------ Available data ------

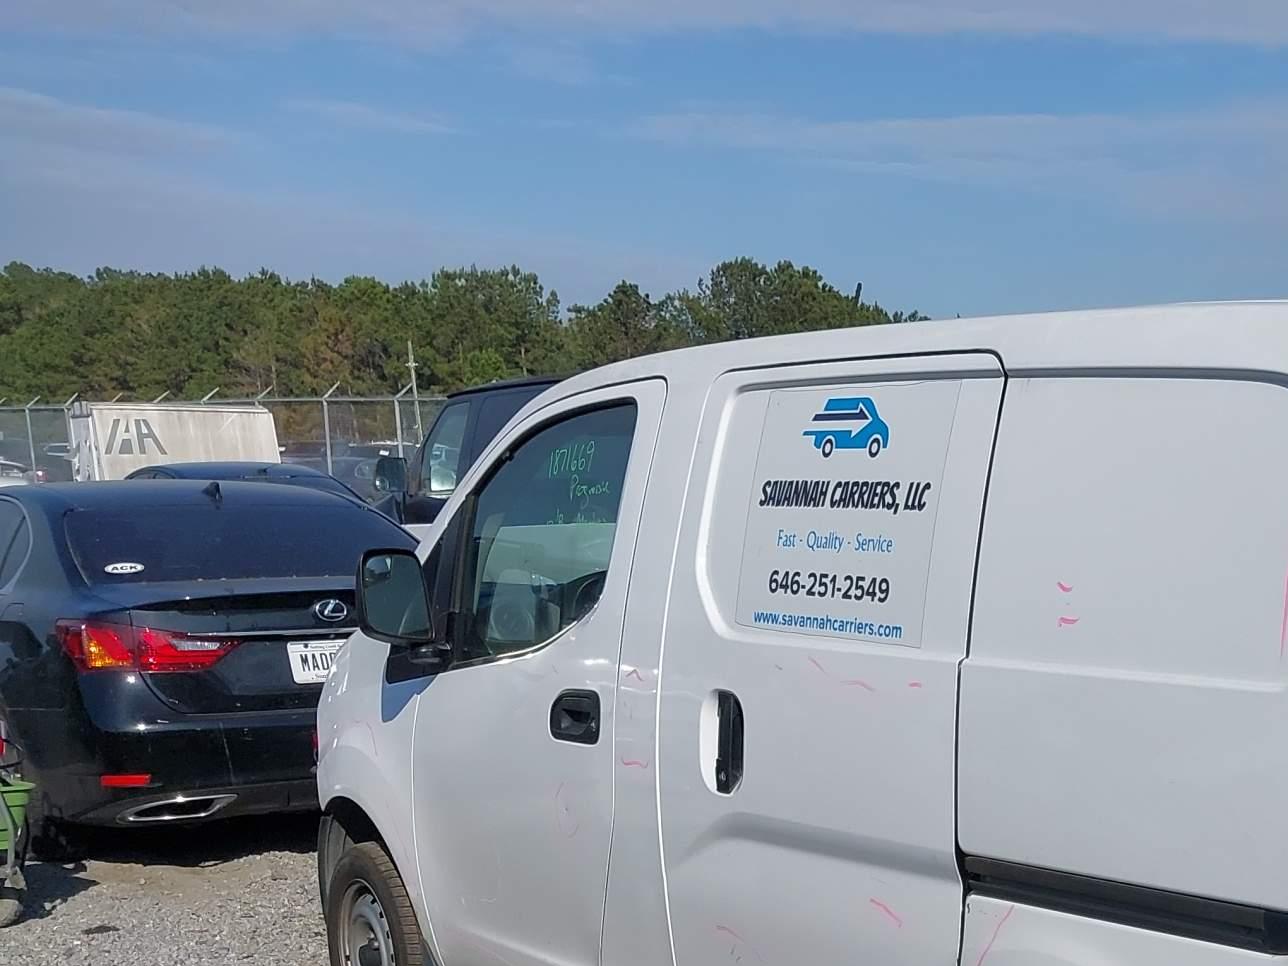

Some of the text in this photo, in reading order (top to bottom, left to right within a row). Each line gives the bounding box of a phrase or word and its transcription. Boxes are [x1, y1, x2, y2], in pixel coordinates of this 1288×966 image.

[758, 479, 932, 515] SAVANNAH CARRIERS, LLC
[776, 528, 797, 548] Fast
[806, 530, 845, 554] Quality
[854, 533, 893, 553] Service
[768, 569, 890, 604] 646-251-2549
[753, 610, 903, 639] www.savannahcarriers.com
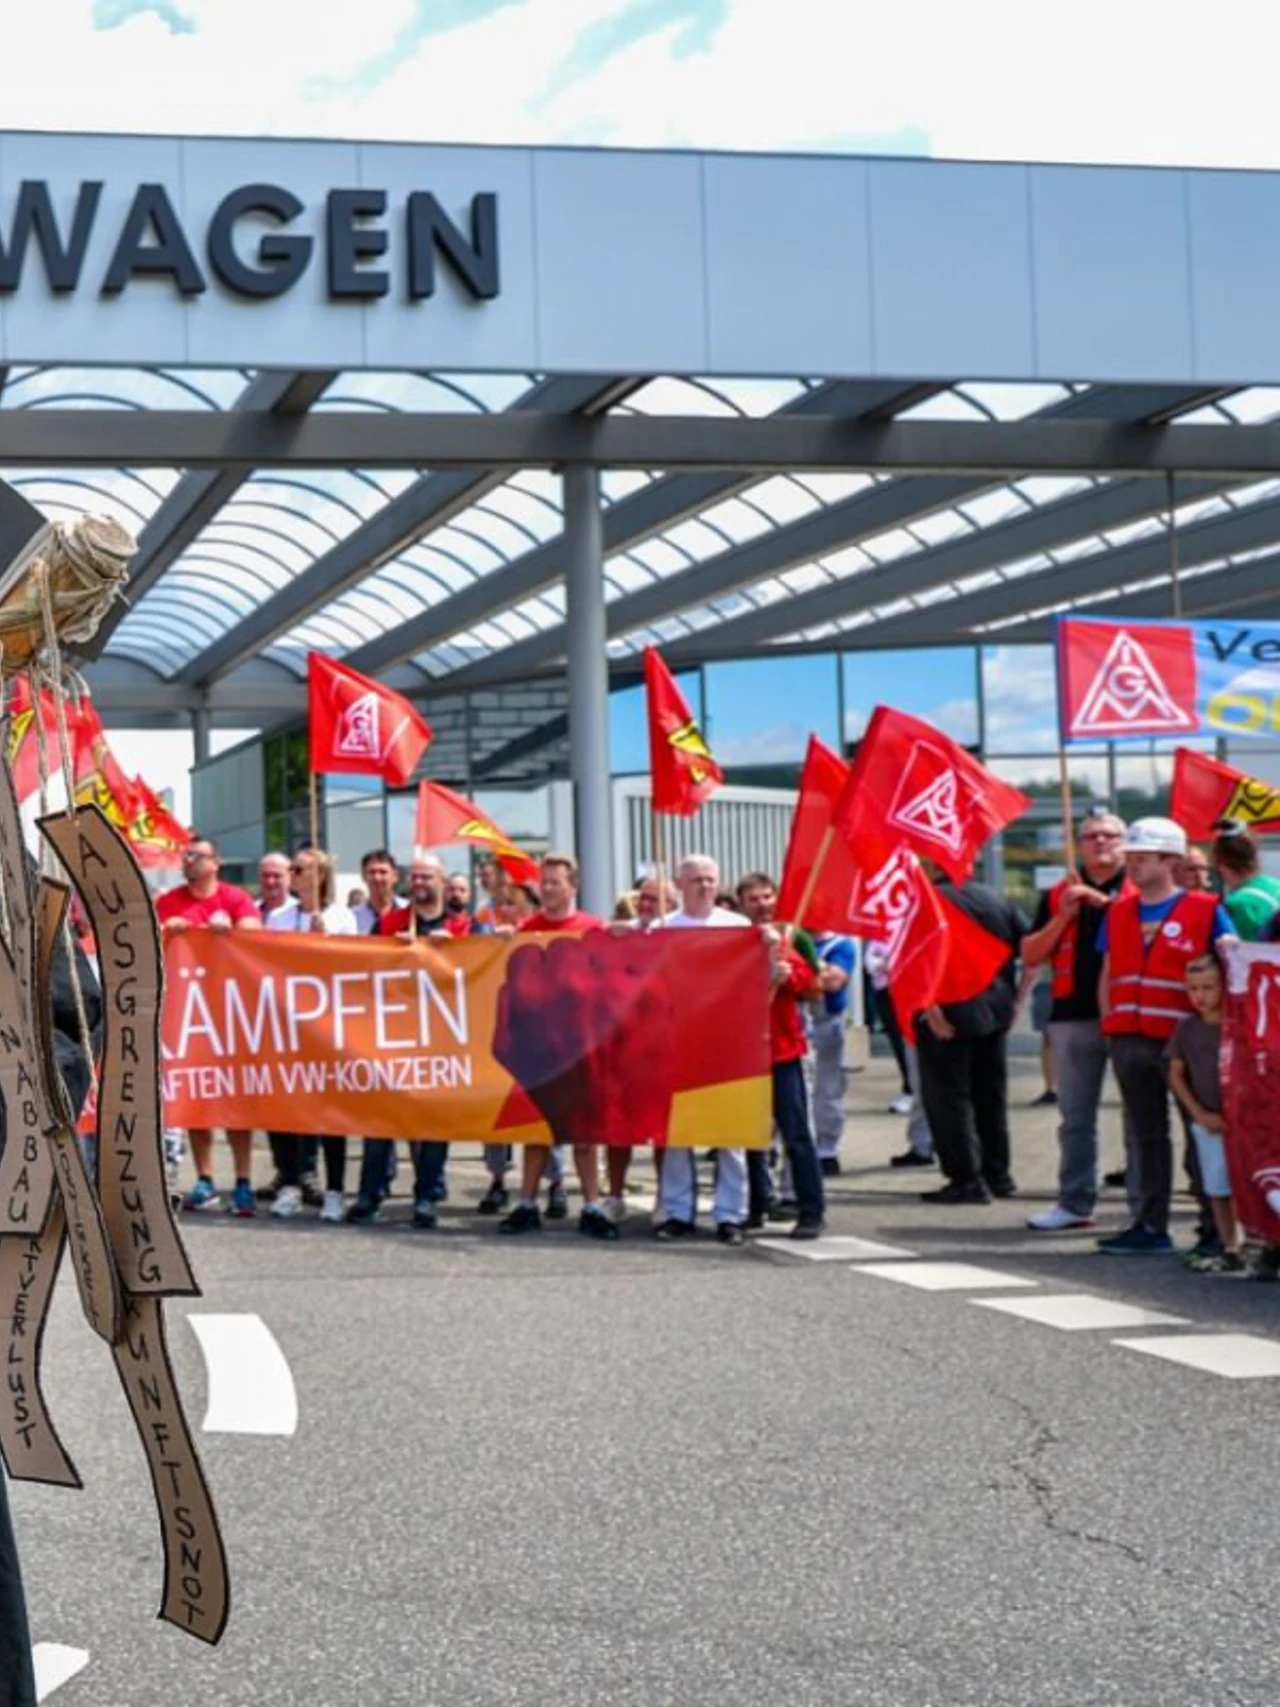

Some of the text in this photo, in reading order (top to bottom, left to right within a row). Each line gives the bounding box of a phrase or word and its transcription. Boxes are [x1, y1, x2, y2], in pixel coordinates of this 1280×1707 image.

[1207, 694, 1280, 733] O
[78, 832, 162, 1284] AUSGRENZUNG
[242, 1062, 273, 1095] IM
[278, 1054, 473, 1095] VW-KONZERN
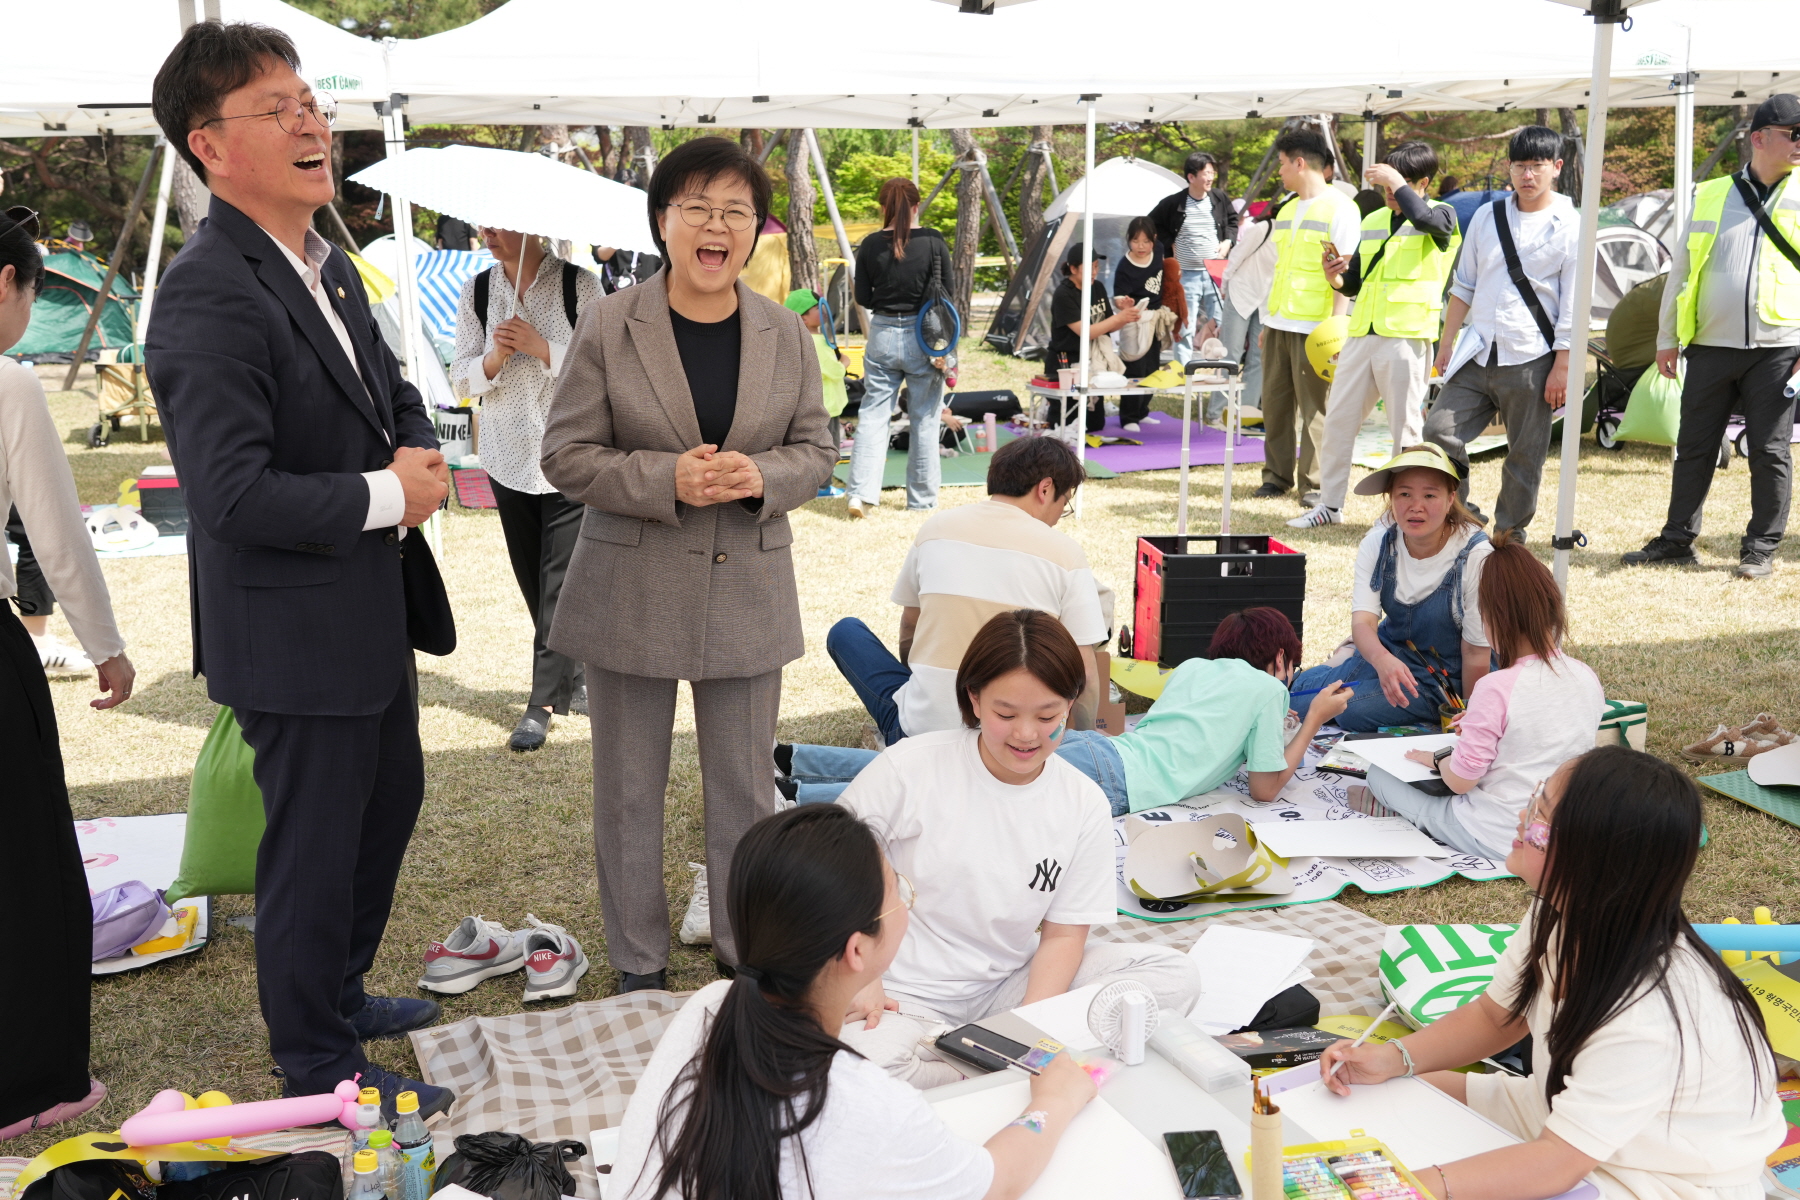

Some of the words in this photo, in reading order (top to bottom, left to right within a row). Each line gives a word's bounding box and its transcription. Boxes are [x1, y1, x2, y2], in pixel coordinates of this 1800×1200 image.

[317, 75, 338, 90] BEST
[437, 422, 467, 441] NIKE
[1723, 741, 1735, 756] B
[1028, 858, 1062, 892] NY
[533, 952, 553, 963] NIKE
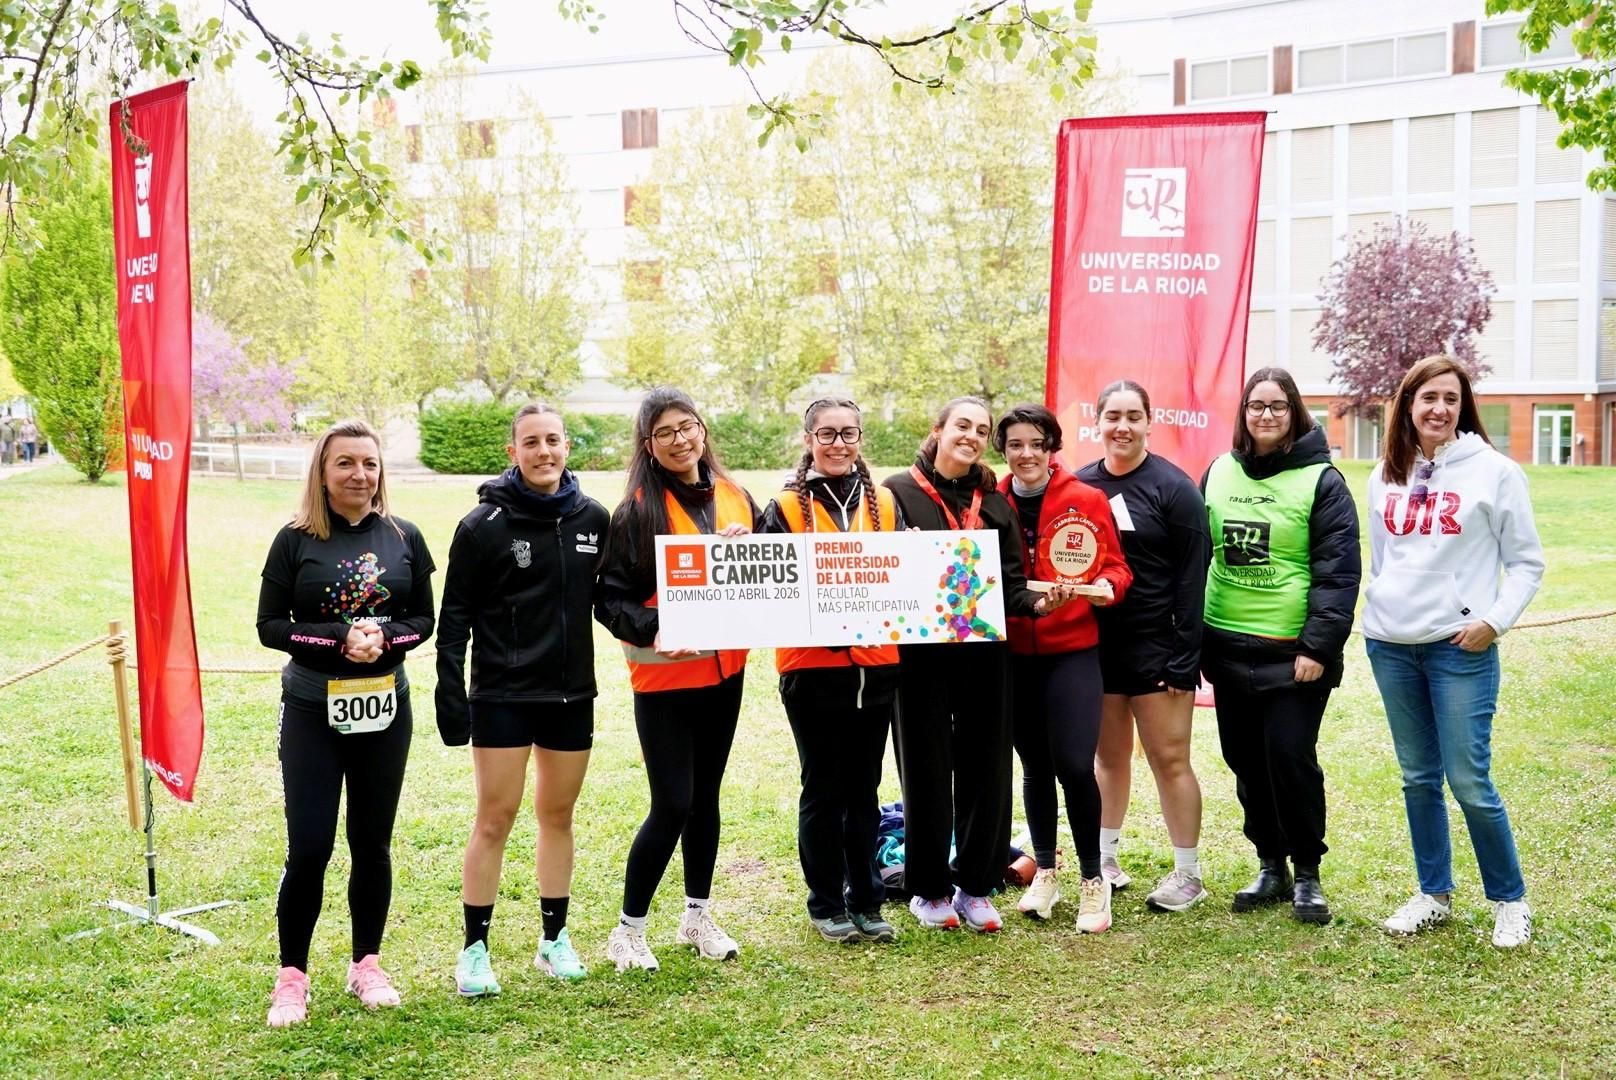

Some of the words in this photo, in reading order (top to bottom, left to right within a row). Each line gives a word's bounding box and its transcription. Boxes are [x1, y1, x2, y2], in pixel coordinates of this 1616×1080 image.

------

Task details:
Reproduce nothing but the lines from the line containing "this 1800×1200 image." through the last line of the data above, exactly as written and without pictures.

Solution for this task:
Some of the words in this photo, in reading order (top to bottom, left to right within a row). Each line gives a word's bounding box and its transcription. Boxes are [x1, y1, x2, y2], in pixel coordinates of this 1800×1200 image.

[317, 75, 338, 90] BEST
[437, 422, 467, 441] NIKE
[1723, 741, 1735, 756] B
[1028, 858, 1062, 892] NY
[533, 952, 553, 963] NIKE

Some of the words in this photo, in reading order (top to bottom, left to right within a row). Each line gives a word's bounding box and its transcription. Boxes are [x1, y1, x2, y2], in pixel coordinates of this 1616×1080 image.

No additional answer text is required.